Folding lattice proteins with quantum annealing
- URL: http://arxiv.org/abs/2205.06084v2
- Date: Wed, 12 Oct 2022 10:31:55 GMT
- Title: Folding lattice proteins with quantum annealing
- Authors: Anders Irb\"ack, Lucas Knuthson, Sandipan Mohanty and Carsten Peterson
- Abstract summary: We develop a novel spin representation for lattice protein folding tailored for quantum annealing.
With our encoding, the Hamiltonian by design has the quadratic structure required for calculations on an Ising-type annealer.

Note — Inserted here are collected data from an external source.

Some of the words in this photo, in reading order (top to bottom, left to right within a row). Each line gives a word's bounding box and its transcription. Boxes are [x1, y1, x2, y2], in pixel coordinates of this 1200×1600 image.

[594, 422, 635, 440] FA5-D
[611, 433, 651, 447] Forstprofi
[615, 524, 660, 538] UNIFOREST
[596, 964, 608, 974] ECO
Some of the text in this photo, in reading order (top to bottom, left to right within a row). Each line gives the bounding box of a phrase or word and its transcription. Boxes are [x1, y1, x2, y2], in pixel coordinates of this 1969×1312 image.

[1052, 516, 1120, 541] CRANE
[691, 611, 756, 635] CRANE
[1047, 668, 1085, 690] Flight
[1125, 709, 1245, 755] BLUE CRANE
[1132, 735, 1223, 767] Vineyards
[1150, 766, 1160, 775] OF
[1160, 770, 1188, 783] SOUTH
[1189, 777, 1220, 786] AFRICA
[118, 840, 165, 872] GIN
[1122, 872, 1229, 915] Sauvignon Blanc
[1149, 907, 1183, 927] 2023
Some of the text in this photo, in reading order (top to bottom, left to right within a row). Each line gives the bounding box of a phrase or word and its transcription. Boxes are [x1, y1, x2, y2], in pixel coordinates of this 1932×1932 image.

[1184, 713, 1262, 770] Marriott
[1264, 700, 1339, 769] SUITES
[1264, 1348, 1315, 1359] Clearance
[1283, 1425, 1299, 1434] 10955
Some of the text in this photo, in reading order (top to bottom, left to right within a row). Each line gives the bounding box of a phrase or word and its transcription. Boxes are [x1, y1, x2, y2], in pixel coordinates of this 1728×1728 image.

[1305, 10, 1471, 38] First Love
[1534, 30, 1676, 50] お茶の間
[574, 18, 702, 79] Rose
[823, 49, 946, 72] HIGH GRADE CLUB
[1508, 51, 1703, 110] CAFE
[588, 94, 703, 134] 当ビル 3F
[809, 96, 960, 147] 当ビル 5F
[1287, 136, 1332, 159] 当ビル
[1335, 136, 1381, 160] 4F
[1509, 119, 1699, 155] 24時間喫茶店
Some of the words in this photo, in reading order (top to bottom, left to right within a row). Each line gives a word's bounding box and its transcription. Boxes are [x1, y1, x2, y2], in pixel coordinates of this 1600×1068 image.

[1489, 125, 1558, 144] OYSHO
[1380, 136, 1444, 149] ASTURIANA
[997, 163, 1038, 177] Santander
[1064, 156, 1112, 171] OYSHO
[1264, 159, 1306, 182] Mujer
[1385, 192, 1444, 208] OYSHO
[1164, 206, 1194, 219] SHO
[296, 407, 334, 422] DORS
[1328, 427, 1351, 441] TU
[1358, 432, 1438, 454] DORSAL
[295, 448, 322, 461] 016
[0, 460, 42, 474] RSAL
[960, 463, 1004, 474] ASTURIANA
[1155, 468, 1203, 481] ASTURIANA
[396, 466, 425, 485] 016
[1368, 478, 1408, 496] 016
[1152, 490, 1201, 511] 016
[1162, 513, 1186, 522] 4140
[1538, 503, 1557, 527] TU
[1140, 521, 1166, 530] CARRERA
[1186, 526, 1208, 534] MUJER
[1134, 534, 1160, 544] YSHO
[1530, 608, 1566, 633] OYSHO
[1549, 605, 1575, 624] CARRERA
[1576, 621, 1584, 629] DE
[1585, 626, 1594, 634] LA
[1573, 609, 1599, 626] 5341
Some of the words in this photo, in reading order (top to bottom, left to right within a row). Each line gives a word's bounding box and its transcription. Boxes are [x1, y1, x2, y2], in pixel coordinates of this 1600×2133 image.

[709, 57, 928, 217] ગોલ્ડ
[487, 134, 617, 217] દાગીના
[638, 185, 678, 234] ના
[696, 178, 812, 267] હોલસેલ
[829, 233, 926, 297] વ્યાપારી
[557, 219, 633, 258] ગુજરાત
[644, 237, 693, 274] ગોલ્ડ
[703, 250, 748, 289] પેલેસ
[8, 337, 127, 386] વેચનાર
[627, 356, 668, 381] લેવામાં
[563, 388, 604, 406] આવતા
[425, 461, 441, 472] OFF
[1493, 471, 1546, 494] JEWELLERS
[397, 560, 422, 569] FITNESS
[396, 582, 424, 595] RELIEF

Results are evaluated against existing exact results for HP chains with up to $N=30$ beads with 100% hit rate.
- Score: 0.0
- License: http://creativecommons.org/licenses/by/4.0/
- Abstract: Quantum annealing is a promising approach for obtaining good approximate
solutions to difficult optimization problems. Folding a protein sequence into
its minimum-energy structure represents such a problem. For testing new
algorithms and technologies for this task, the minimal lattice-based HP model
is well suited, as it represents a considerable challenge despite its
simplicity. The HP model has favorable interactions between adjacent, not
directly bound hydrophobic residues. Here, we develop a novel spin
representation for lattice protein folding tailored for quantum annealing. With
a distributed encoding onto the lattice, it differs from earlier attempts to
fold lattice proteins on quantum annealers, which were based upon chain growth
techniques. With our encoding, the Hamiltonian by design has the quadratic
structure required for calculations on an Ising-type annealer, without having
to introduce any auxiliary spin variables. This property greatly facilitates
the study of long chains. The approach is robust to changes in the parameters
required to constrain the spin system to chain-like configurations, and
performs very well in terms of solution quality. The results are evaluated
against existing exact results for HP chains with up to $N=30$ beads with 100%
hit rate, thereby also outperforming classical simulated annealing. In
addition, the method allows us to recover the lowest known energies for $N=48$
and $N=64$ HP chains, with similar hit rates. These results are obtained by the
commonly used hybrid quantum-classical approach. For pure quantum annealing,
our method successfully folds an $N=14$ HP chain. The calculations were
performed on a D-Wave Advantage quantum annealer.